[Data records — start]
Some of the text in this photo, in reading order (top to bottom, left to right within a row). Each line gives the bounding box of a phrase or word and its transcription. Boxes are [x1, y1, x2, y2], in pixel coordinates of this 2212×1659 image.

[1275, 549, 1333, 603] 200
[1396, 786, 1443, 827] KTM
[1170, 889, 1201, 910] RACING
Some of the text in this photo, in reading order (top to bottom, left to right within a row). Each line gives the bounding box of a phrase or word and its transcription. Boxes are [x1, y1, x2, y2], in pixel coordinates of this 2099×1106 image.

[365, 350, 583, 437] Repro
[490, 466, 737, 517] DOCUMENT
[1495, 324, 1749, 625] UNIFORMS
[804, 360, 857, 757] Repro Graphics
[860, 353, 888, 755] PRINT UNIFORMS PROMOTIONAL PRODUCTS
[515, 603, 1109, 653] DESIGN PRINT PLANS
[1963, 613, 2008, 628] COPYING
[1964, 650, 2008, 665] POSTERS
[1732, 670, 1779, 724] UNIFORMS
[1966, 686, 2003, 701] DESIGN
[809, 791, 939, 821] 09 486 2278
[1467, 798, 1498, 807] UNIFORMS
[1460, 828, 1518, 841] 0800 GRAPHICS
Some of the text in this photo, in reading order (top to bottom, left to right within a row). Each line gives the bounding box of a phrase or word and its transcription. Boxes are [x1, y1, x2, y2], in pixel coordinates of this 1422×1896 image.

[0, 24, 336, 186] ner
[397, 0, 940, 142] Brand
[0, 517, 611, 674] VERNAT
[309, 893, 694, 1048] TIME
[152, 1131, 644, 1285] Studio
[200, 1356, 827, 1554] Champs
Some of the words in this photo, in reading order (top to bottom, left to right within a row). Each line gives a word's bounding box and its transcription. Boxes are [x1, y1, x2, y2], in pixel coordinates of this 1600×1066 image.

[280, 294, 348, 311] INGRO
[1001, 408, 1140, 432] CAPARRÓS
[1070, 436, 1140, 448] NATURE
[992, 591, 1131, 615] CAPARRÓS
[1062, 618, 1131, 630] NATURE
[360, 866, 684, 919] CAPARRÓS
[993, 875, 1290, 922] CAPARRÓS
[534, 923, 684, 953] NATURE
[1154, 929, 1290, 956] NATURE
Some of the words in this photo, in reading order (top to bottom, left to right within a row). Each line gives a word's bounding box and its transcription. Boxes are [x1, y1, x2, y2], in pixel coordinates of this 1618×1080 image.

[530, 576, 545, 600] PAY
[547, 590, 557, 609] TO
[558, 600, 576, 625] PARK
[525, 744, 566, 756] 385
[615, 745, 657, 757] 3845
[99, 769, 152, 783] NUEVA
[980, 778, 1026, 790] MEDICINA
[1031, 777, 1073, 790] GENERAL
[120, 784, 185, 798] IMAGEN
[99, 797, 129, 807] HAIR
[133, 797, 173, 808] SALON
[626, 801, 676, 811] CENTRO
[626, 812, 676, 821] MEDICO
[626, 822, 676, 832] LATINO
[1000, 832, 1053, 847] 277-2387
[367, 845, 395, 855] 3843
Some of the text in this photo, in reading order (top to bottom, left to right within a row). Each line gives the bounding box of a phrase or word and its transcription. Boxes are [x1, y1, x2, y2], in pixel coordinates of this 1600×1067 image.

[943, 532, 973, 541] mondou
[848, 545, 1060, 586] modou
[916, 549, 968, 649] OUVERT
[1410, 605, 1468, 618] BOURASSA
[Data records — finish]
=== Activity ===
Please return the records above in their exact form.

=== Written response ===
Some of the text in this photo, in reading order (top to bottom, left to right within a row). Each line gives the bounding box of a phrase or word and its transcription. Boxes are [x1, y1, x2, y2], in pixel coordinates of this 2212×1659 image.

[1275, 549, 1333, 603] 200
[1396, 786, 1443, 827] KTM
[1170, 889, 1201, 910] RACING
Some of the text in this photo, in reading order (top to bottom, left to right within a row). Each line gives the bounding box of a phrase or word and its transcription. Boxes are [x1, y1, x2, y2], in pixel coordinates of this 2099×1106 image.

[365, 350, 583, 437] Repro
[490, 466, 737, 517] DOCUMENT
[1495, 324, 1749, 625] UNIFORMS
[804, 360, 857, 757] Repro Graphics
[860, 353, 888, 755] PRINT UNIFORMS PROMOTIONAL PRODUCTS
[515, 603, 1109, 653] DESIGN PRINT PLANS
[1963, 613, 2008, 628] COPYING
[1964, 650, 2008, 665] POSTERS
[1732, 670, 1779, 724] UNIFORMS
[1966, 686, 2003, 701] DESIGN
[809, 791, 939, 821] 09 486 2278
[1467, 798, 1498, 807] UNIFORMS
[1460, 828, 1518, 841] 0800 GRAPHICS
Some of the text in this photo, in reading order (top to bottom, left to right within a row). Each line gives the bounding box of a phrase or word and its transcription. Boxes are [x1, y1, x2, y2], in pixel coordinates of this 1422×1896 image.

[0, 24, 336, 186] ner
[397, 0, 940, 142] Brand
[0, 517, 611, 674] VERNAT
[309, 893, 694, 1048] TIME
[152, 1131, 644, 1285] Studio
[200, 1356, 827, 1554] Champs
Some of the words in this photo, in reading order (top to bottom, left to right within a row). Each line gives a word's bounding box and its transcription. Boxes are [x1, y1, x2, y2], in pixel coordinates of this 1600×1066 image.

[280, 294, 348, 311] INGRO
[1001, 408, 1140, 432] CAPARRÓS
[1070, 436, 1140, 448] NATURE
[992, 591, 1131, 615] CAPARRÓS
[1062, 618, 1131, 630] NATURE
[360, 866, 684, 919] CAPARRÓS
[993, 875, 1290, 922] CAPARRÓS
[534, 923, 684, 953] NATURE
[1154, 929, 1290, 956] NATURE
Some of the words in this photo, in reading order (top to bottom, left to right within a row). Each line gives a word's bounding box and its transcription. Boxes are [x1, y1, x2, y2], in pixel coordinates of this 1618×1080 image.

[530, 576, 545, 600] PAY
[547, 590, 557, 609] TO
[558, 600, 576, 625] PARK
[525, 744, 566, 756] 385
[615, 745, 657, 757] 3845
[99, 769, 152, 783] NUEVA
[980, 778, 1026, 790] MEDICINA
[1031, 777, 1073, 790] GENERAL
[120, 784, 185, 798] IMAGEN
[99, 797, 129, 807] HAIR
[133, 797, 173, 808] SALON
[626, 801, 676, 811] CENTRO
[626, 812, 676, 821] MEDICO
[626, 822, 676, 832] LATINO
[1000, 832, 1053, 847] 277-2387
[367, 845, 395, 855] 3843
Some of the text in this photo, in reading order (top to bottom, left to right within a row). Each line gives the bounding box of a phrase or word and its transcription. Boxes are [x1, y1, x2, y2], in pixel coordinates of this 1600×1067 image.

[943, 532, 973, 541] mondou
[848, 545, 1060, 586] modou
[916, 549, 968, 649] OUVERT
[1410, 605, 1468, 618] BOURASSA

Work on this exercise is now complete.